→ **Data excerpts**:
= = = =
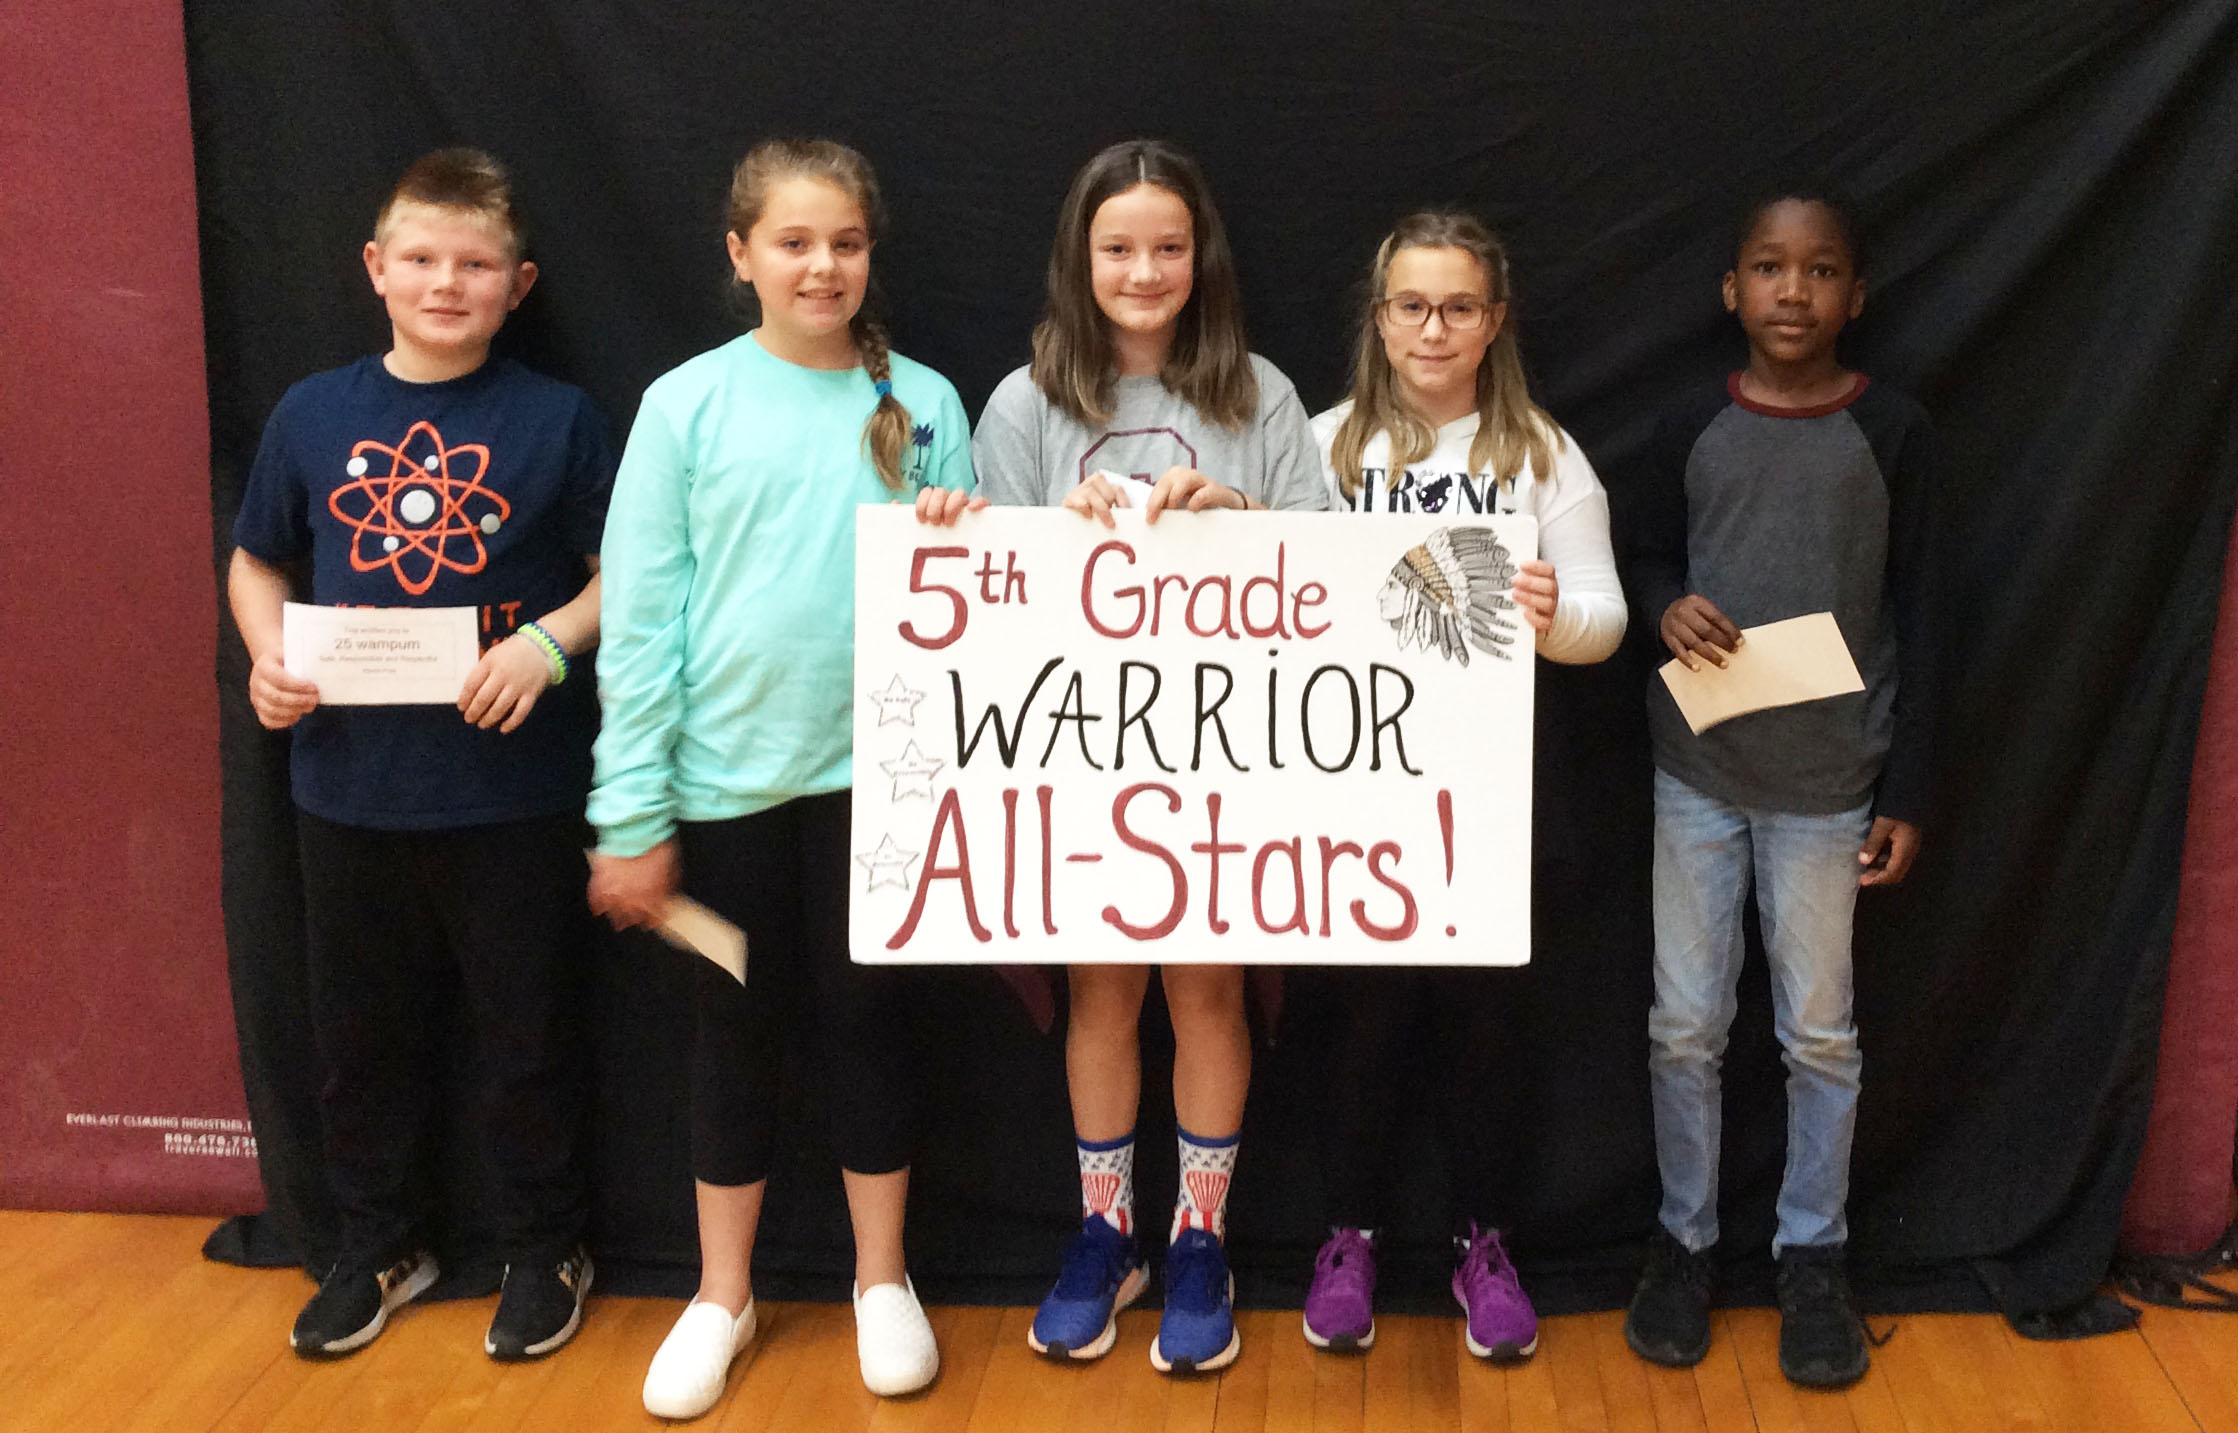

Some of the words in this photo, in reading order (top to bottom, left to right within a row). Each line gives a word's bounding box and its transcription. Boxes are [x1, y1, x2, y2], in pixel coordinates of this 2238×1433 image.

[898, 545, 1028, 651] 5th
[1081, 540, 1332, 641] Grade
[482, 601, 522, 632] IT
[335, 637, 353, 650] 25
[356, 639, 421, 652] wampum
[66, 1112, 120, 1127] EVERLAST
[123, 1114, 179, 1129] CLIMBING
= = = =
→ **The problem**:
The entries must be repeated exactly. Leave the images out.

→ **Expected output**:
Some of the words in this photo, in reading order (top to bottom, left to right within a row). Each line gives a word's bounding box and its transcription. Boxes are [x1, y1, x2, y2], in pixel coordinates of this 2238×1433 image.

[898, 545, 1028, 651] 5th
[1081, 540, 1332, 641] Grade
[482, 601, 522, 632] IT
[335, 637, 353, 650] 25
[356, 639, 421, 652] wampum
[66, 1112, 120, 1127] EVERLAST
[123, 1114, 179, 1129] CLIMBING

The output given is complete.